New Year’s Eve attack nearly wreaks havoc.
Ethereum experienced an attack this week that threatened to cause significant downtime. Beginning on Dec. 30, an attacker sent invalid blocks to the network, causing node operators using the Parity client to lose sync with the network. Sergio Demian Lerner, a cryptocurrency security consultant, explained on Twitter:
The attack is simple: you send to a Parity node a block with invalid transactions, but valid header (borrowed from another block) The node will mark the block header as invalid and ban this block header forever but the header is still valid.
— Sergio Demian Lerner @SDLerner 30 Dec 2019
It seems that the motive behind the attack was a desire to cast a bad light on Ethereum (or Parity’s Ethereum client). Unlike a 51% attack, this exploit did not carry a profit.
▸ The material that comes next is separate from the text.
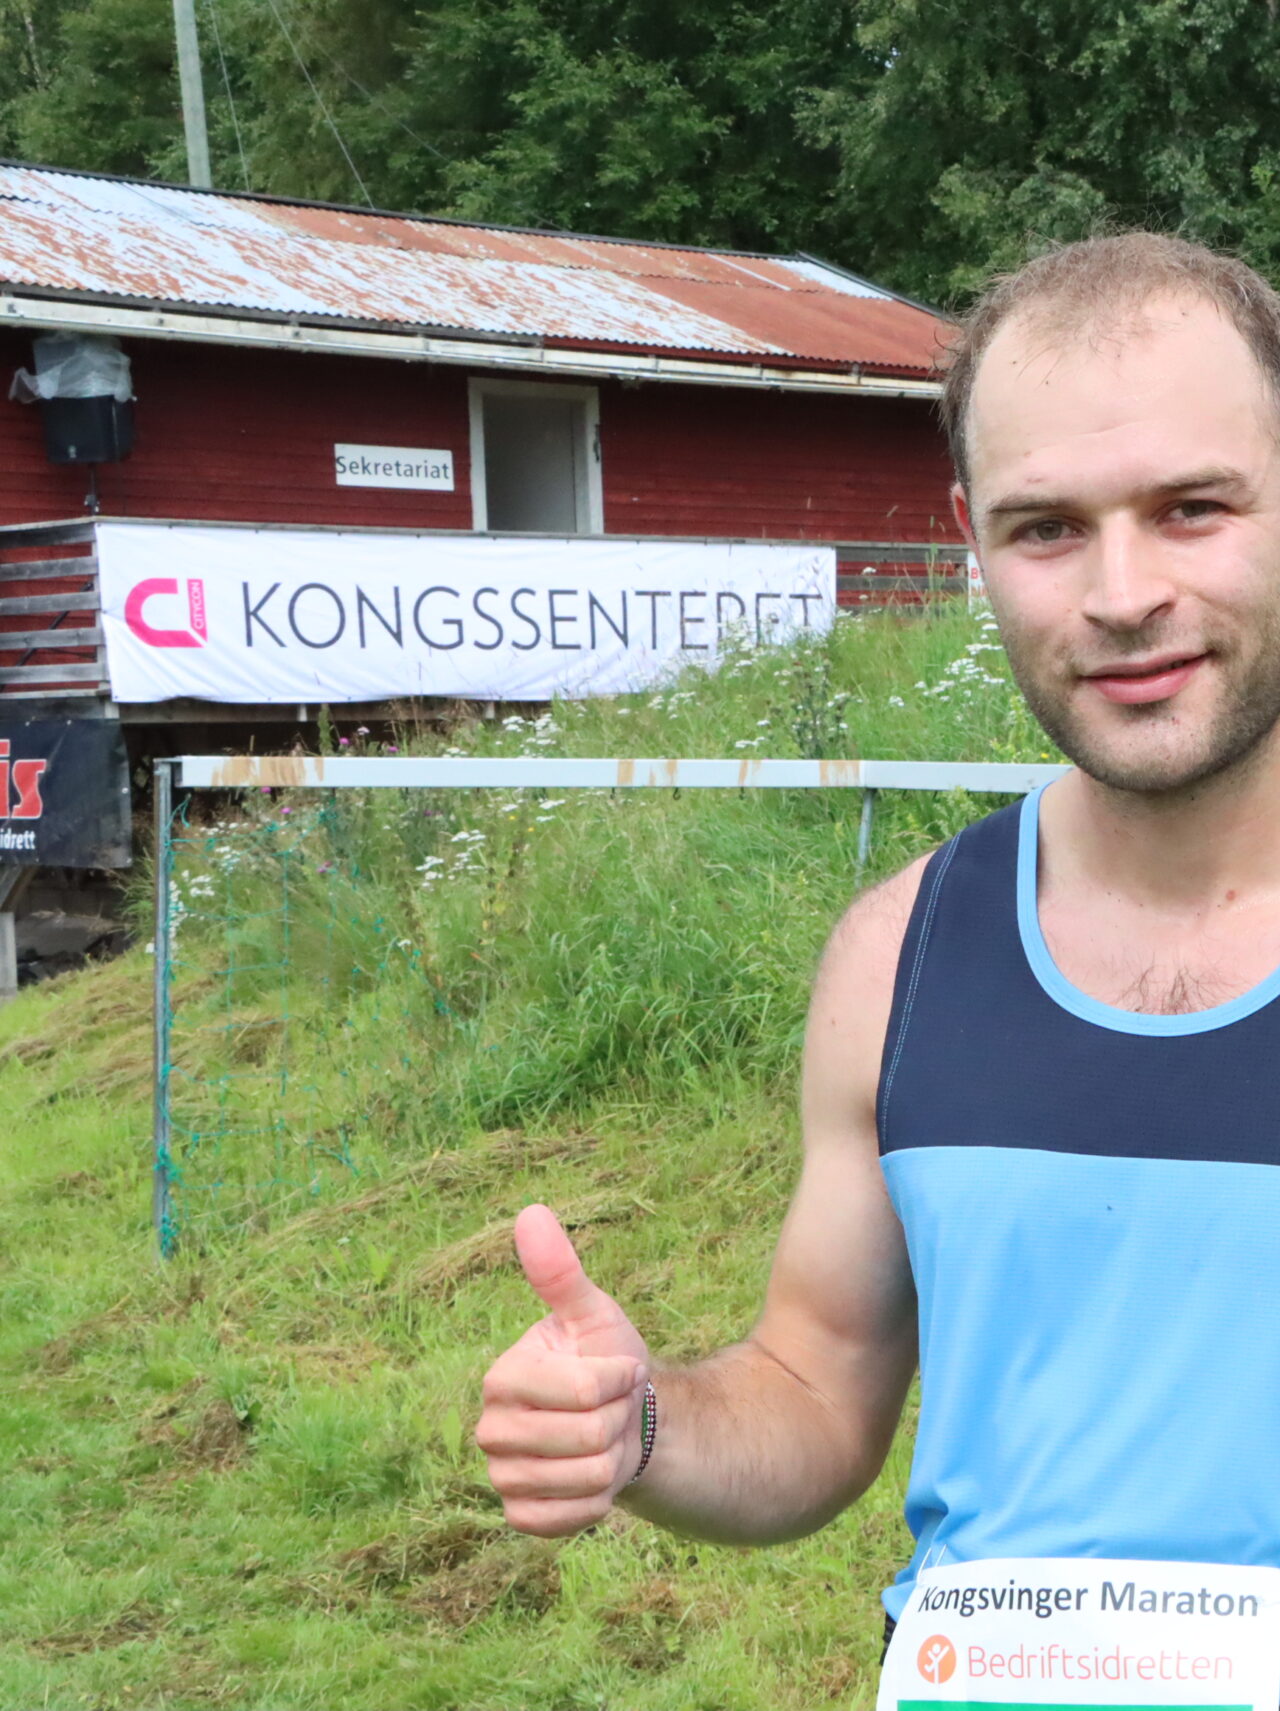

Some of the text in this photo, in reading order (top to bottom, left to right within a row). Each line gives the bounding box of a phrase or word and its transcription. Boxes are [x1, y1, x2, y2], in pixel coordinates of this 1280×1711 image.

Some commenters, such as Liam Aharon, have speculated that the attacker may have profited by shorting ETH prior to the attack, but this has not been proven.
Ethereum Survives the Ordeal
Ethereum continued to process transactions during the attack due to the fact that it relies on multiple clients. Parity has a roughly 22% usage share among node operators, while Geth has a 75% usage share. Geth and most other clients were not affected by the bug — though a very minor node called Nethermind was affected alongside Parity.
Parity may also be credited for fixing the problem quickly. The attack was first observed on Dec. 30, and Parity released a fix on Dec. 31. Though a day’s worth of downtime would have been inconvenient, it would not have been disastrous. IOTA recently suffered a 15 hour downtime, and various other blockchains have done the same.
Is Parity’s Ethereum Client Dying?
The timing of this attack is relevant. Parity recently announced that it will no longer fund its Ethereum client, and the project will be funded through a DAO. There are concerns that this will not provide enough funding for the project to continue, and several node operators left Ethereum around the time of the Dec. 16 announcement.
If Parity’s Ethereum client is abandoned by developers, or if node operators migrate from Parity to Geth, Ethereum will become more centralized and vulnerable to attacks that target a single type of client. On the other hand, it is possible that node operators will turn to alternative, minor clients — but there is no sign of that happening yet.